夜間救急に駆け込んだことは何度もあるが、だいたいかなりの時間を待たされ、小児でもアレルギーでもないドクターか、すごくお若いドクターに症状を聞かれ、様子を見ましょうという流れになる。
意識ははっきりある。咳の音もいつもと同じ。
でも一歩間違えたら大変なことになる。
どうする?どうする?小さな変化も見逃してはならない。
そのうち、咳が少しずつ収まりだす。鼻水も止まりだした。笑顔も出てきた。もう大丈夫。

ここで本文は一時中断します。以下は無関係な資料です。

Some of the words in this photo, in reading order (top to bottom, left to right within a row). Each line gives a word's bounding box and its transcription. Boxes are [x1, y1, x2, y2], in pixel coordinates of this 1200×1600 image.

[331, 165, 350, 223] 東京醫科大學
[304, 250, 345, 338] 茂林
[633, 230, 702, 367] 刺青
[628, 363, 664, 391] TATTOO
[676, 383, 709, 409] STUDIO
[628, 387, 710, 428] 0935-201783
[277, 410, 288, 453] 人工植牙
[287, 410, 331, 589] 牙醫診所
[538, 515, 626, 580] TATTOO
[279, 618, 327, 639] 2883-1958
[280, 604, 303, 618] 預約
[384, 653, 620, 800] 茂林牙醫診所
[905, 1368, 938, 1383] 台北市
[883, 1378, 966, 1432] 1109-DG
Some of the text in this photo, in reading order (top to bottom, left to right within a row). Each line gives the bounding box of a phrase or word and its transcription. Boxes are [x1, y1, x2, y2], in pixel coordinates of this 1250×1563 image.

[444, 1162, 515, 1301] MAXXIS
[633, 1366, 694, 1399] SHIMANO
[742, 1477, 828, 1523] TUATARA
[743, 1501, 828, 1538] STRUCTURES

症状が出た時は無制限で見られるYouTubeを消して、ハナタンといっしょにベッドに入る。
「ハナタン・・・ごめんね。ママのジャッジミスだ」
「だいじょうぶだよー」
「ママのバカバカバカーっ!おバカめっ!」
「ママがバカじゃないよー!ギュウニュウのオバカー!」
涙をこらえながら笑う。ハナタンはすっかり元気になって真夜中なのに大声で笑う。いつものようにギュウギュウ抱きしめ合う。

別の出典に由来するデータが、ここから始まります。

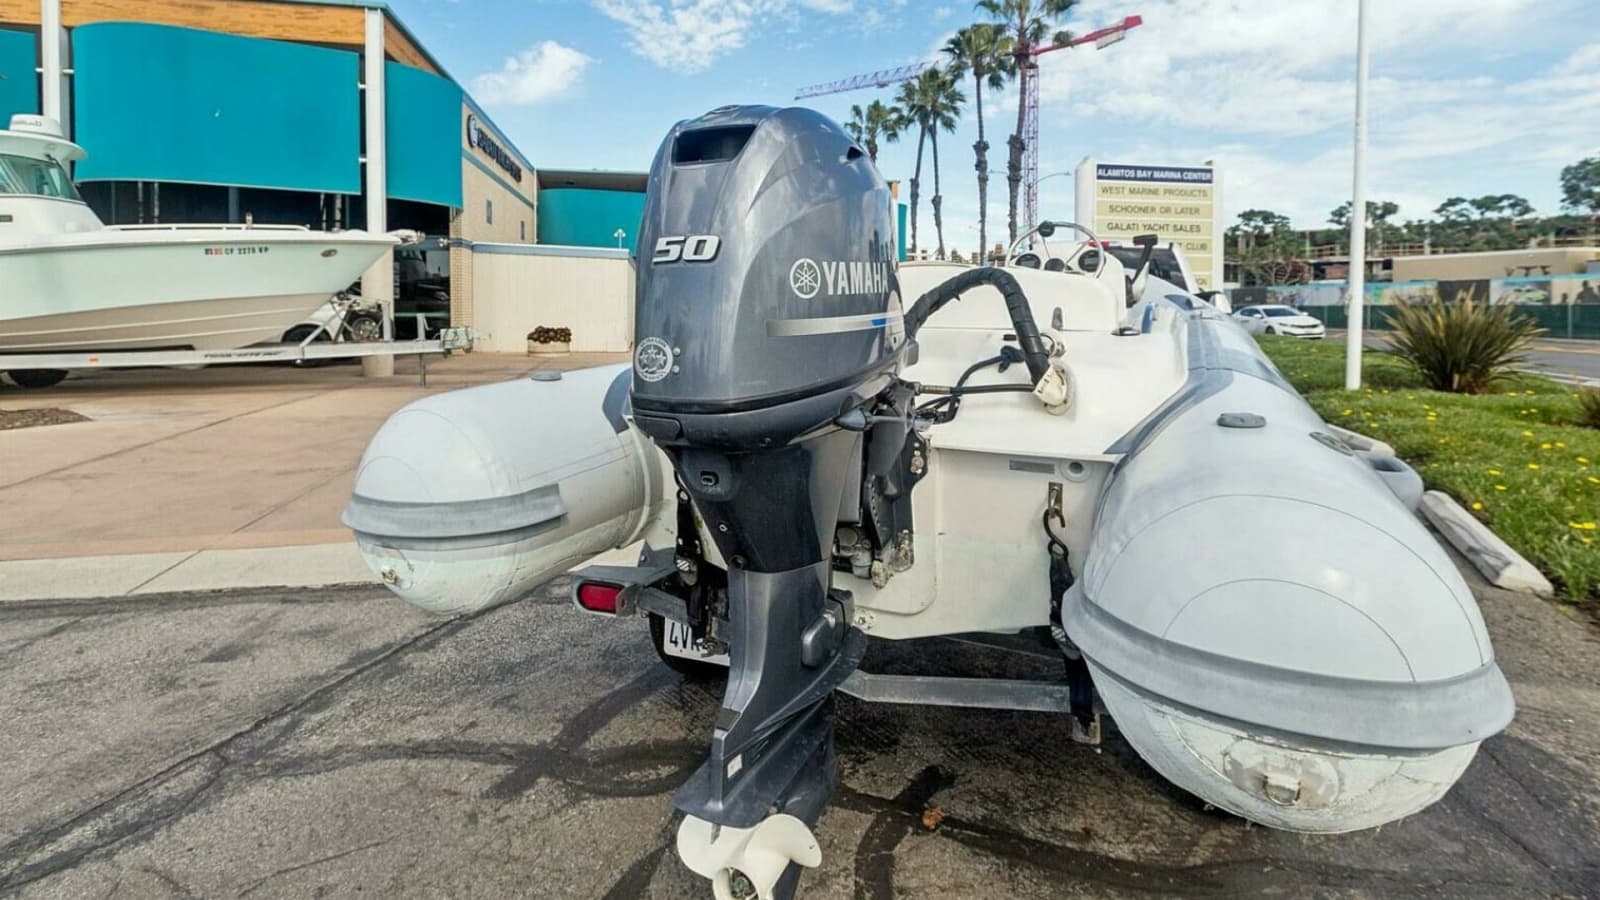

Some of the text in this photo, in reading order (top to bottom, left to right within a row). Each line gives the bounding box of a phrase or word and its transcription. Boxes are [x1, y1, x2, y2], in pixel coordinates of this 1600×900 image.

[1097, 168, 1212, 181] ALAMITOS BAY MARINA CENTER
[1101, 186, 1208, 198] WEST MARINE PRODUCTS
[1109, 204, 1201, 216] SCHOONER OR LATER
[1106, 222, 1201, 233] GALATI YACHT SALES
[652, 234, 721, 264] 50
[1185, 242, 1208, 251] CLUB
[822, 260, 889, 296] YAMAHA

こっそりハナタンの体にごめんねとメッセージを送りながらも、『もう少しなんとかならんか?』と本心が入り混じる。
そして今朝。タロクンの部屋のドアを開ける。
タロクンの姿勢がうつ伏せで頭を少し抱えている。
「眠いだけ」VS「頭痛」
後者がWINNER。
そろそろくると思っていた、ここ最近のタロクンの頭痛はどうやら3週間から1ヶ月のスパンだ。オットンと違って気圧より温度差の方が反応しやすいが、それより周期的に訪れていると思われる。

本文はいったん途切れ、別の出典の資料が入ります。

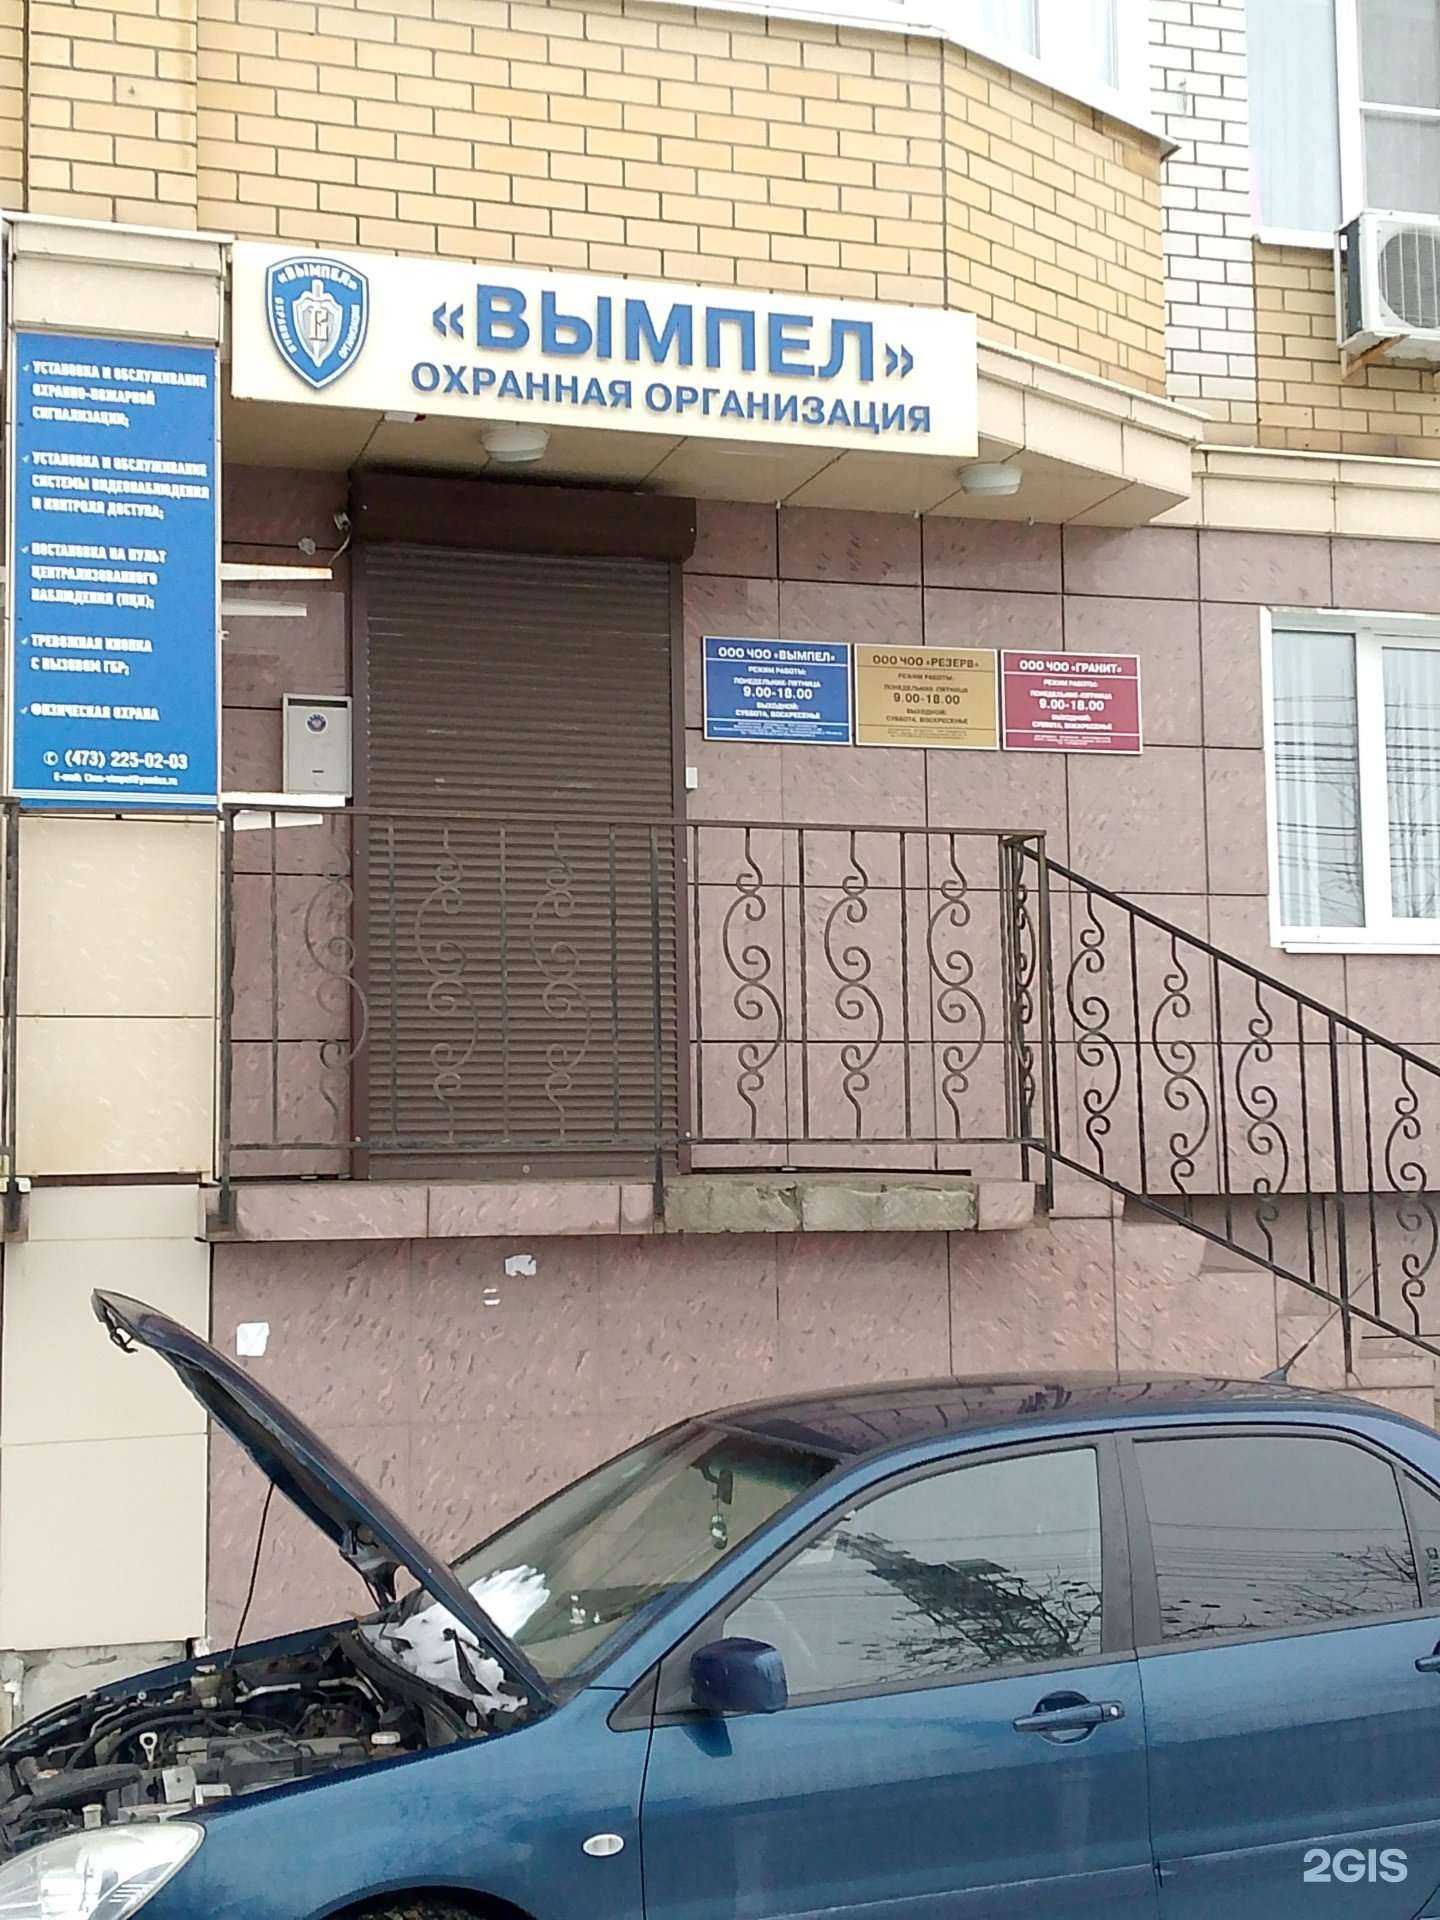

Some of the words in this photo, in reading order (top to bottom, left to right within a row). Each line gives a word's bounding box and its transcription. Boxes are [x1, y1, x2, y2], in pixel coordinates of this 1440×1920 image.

[432, 283, 914, 382] «ВЫМПЕЛ»
[32, 360, 100, 379] УСТАНОВКА
[101, 366, 112, 380] И
[113, 367, 208, 389] ОБСЛУЖИВАНИЕ
[411, 361, 632, 409] ОХРАННАЯ
[645, 382, 931, 435] ОРГАНИЗАЦИЯ
[31, 450, 100, 470] УСТАНОВКА
[101, 456, 112, 470] И
[113, 457, 208, 478] ОБСЛУЖИВАНИЕ
[31, 474, 90, 491] СИСТЕМЫ
[31, 633, 103, 651] ТРЕВОЖНАЯ
[104, 637, 153, 653] КНОПКА
[718, 646, 745, 659] ООО
[746, 648, 772, 660] ЧОО
[872, 654, 898, 665] ООО
[899, 656, 924, 667] ЧОО
[41, 657, 101, 673] ВЫЗОВОМ
[1019, 659, 1045, 671] ООО
[1046, 660, 1070, 673] ЧОО
[1071, 662, 1123, 675] «ГРАНИТ»
[742, 685, 813, 700] 9.00-18.00
[30, 702, 111, 720] ФИЗИЧЕСКАЯ
[112, 706, 161, 721] ОХРАНА
[64, 749, 106, 769] (473)
[110, 751, 189, 770] 225-02-03

タロクンの体は、タロクンの「生きる」に必要なことに対して自動的に調整をかけている気がする。あわせて、メンタルが強靭なのにメンタルが繊細なので、フィジカルでバランスを取ろうとしているように見える。
必要以上に落ち込まない。
そう自分に言い聞かせ、学校へ連絡する。サイト入力になったからずっと気持ちが楽だ。2年前、1日もおさまらなかった頭痛に苦しんでいた頃は、忙しそうな職員室に「遅刻で行くかもしれません」「やっぱりおやすみさせます」と電話することが本当に気が重かった。
その他の項目に「頭痛」と入力する。持病と書かないのはかすかな抵抗だ。
台風が来てるってことはオットンもやられているんだろう。まだ起きてこない。でもオットンは大人なので特に何もしない。
仕事がいつもハードモードなのでウルトラハードになった時だけ「甘いもの食べたら?」としつこく声をかけ、おかずの品数を倍増する。小鉢好きなオットンのために、和食バイキングか!ってほどの常備菜を作り、炒め物も揚げ物も煮物も用意する。
オットンはたぶんそれが一番嬉しい。
さあさあ、今日も今日とて「かすぞう」が参る。
この頭の中にスパコンも真っ青のデータが蓄積されている。
たった3人分だけど。
数字だけじゃない、計測不可能な「肌感覚」が超優秀なカスコンだ。
読んでくださってありがとうございました。